Could Housing Payment Delays Spark MBS Issues For Mortgage ETFs?

Just last week the regulator for mortgage companies Fannie Mae and Freddie Mac released news of a tolerance initiative for borrowers who can’t pay their loans because of financial hardships resulting from the effects of the coronavirus.

The Department of Housing and Urban Development, which includes the FHA loan program, announced the same information, prompting a potentially massive sense of relief for borrowers, who can now postpone payments without penalty.

According to the Fannie Mae website, the following options are available:

“If coronavirus has caused job loss, income reduction, sickness, or other issues that impact your ability to make your monthly mortgage payment, relief options are available.

There is one unforeseen side effect of this forbearance, however, which could cause significant issues. The mortgage servicers, the companies that collect monthly payments, are required to pass those payments on to the investors who own those loans in mortgage-backed securities even if the borrowers don’t pay, as well as to have to pay insurers and tax authorities, putting them under considerable duress if borrowers fail to make payments.

Under normal circumstances, servicers have the cash reserves to whether this delay in payments if it occurs on a smaller scale, but the industry is now facing a potentially massive wave of skipped mortgage payments.

“Nobody predicted the demand this would place on servicers, so they need an ability to have the liquidity to make it happen, and if there’s not some kind of ability through a liquidity facility, then the servicers won’t be able to meet their obligations to the investors and the whole process will break down,” said Bob Broeksmit, CEO of the Mortgage Bankers Association.

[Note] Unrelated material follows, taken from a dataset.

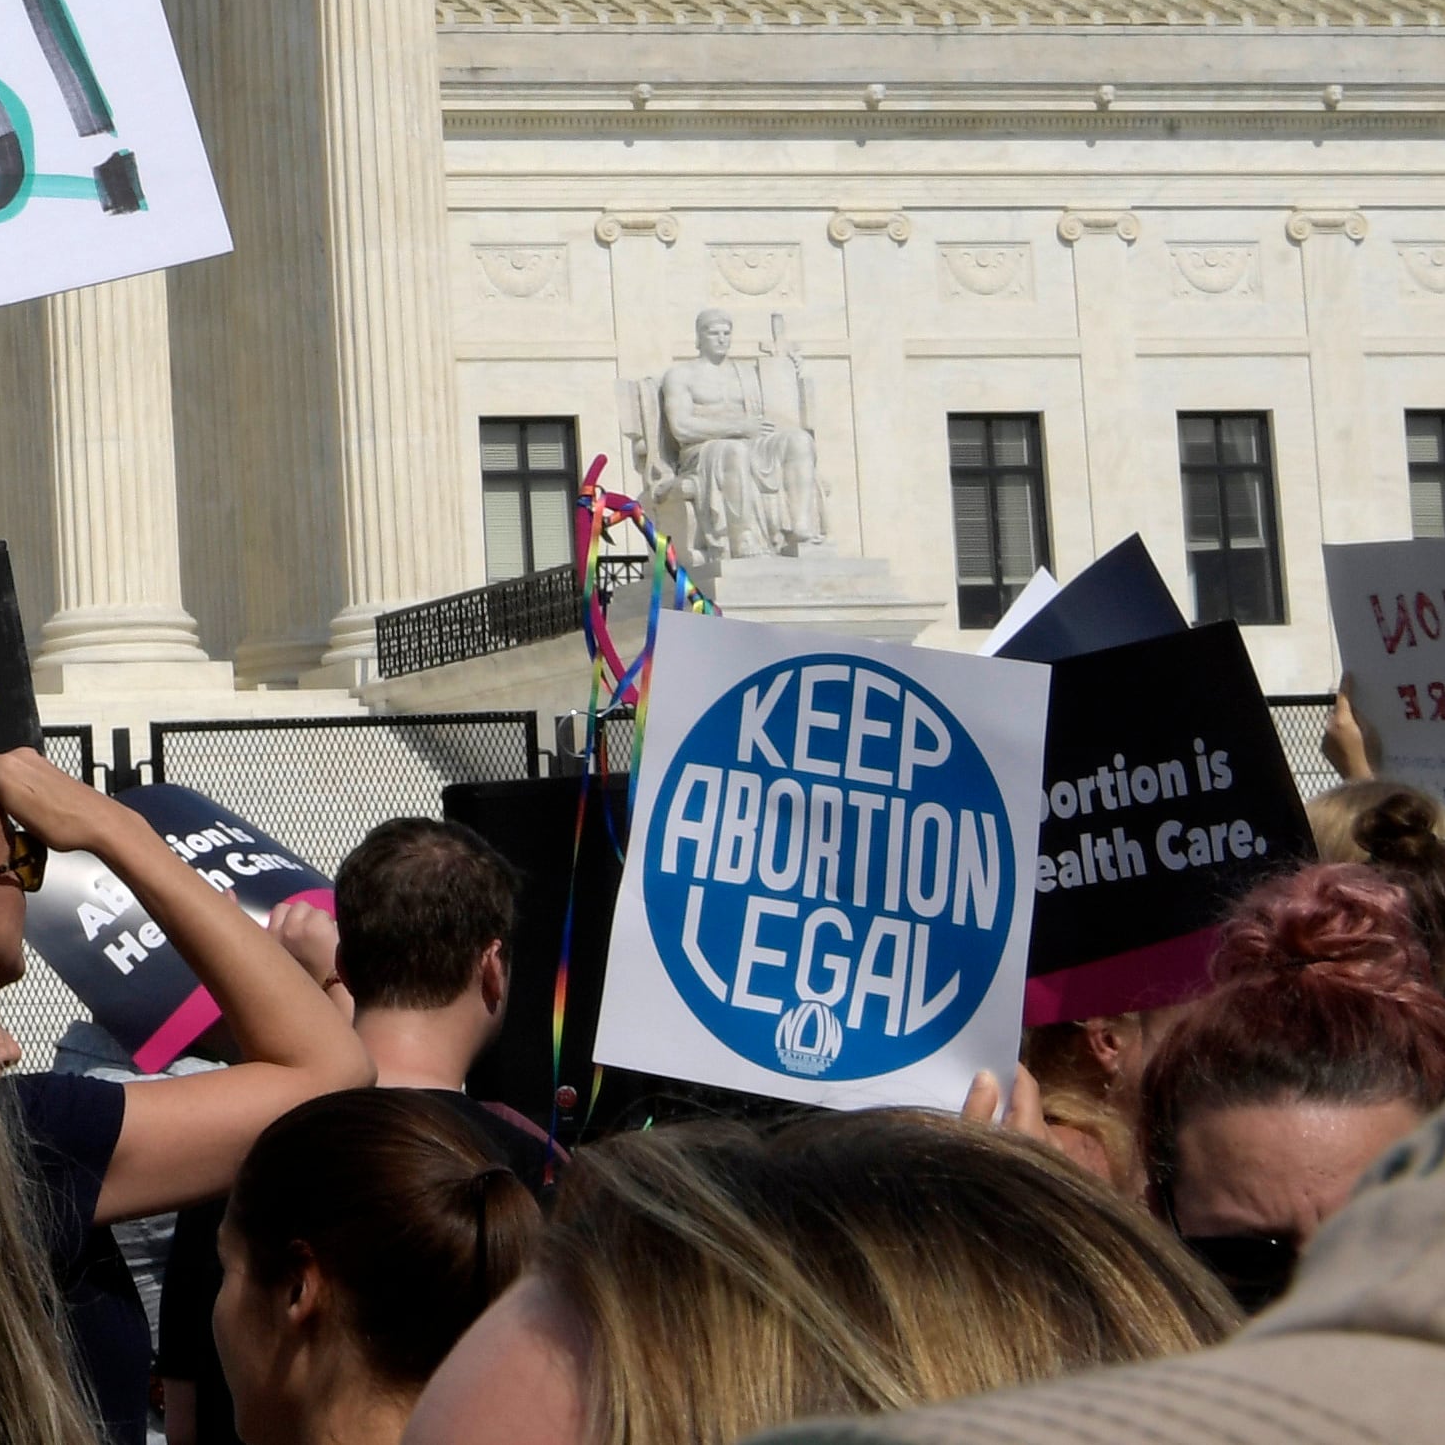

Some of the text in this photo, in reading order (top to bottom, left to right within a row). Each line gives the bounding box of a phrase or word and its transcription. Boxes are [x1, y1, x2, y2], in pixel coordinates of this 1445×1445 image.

“The risk to the servicing industry is that the demands on advancing these payments to the investors will outstrip their cash ability to do so,” he added.

To seek aid for the potentially damaging issue, the Mortgage Bankers Association sent a letter late Sunday to Federal Reserve Chairman Jerome Powell and Treasury Secretary Steven Mnuchin, requesting help for mortgage servicers.

“While a mortgage servicer might have some additional flexibility for loans held on its balance sheet, advancing is required for loans that back Fannie Mae, Freddie Mac, or Ginnie Mae MBS – which constitute over 60% of the mortgage market,” Broeksmit wrote in the letter.

“Widespread, national borrower forbearance at the levels being proposed in response to the COVID-19 outbreak, however, extends well beyond any servicer advance obligations previously envisioned, and is beyond the capacity of the private sector alone to support,” he wrote.

While the Vanguard Mortgage-Backed Securities Index Fund ETF Shares (VMBS) has yet to show signs of strain due to the information, with the fund up roughly 0.5%, even as stocks continue to tread lower, the First Trust Low Duration Opportunities ETF (LMBS) is off 1.42% today amid the news.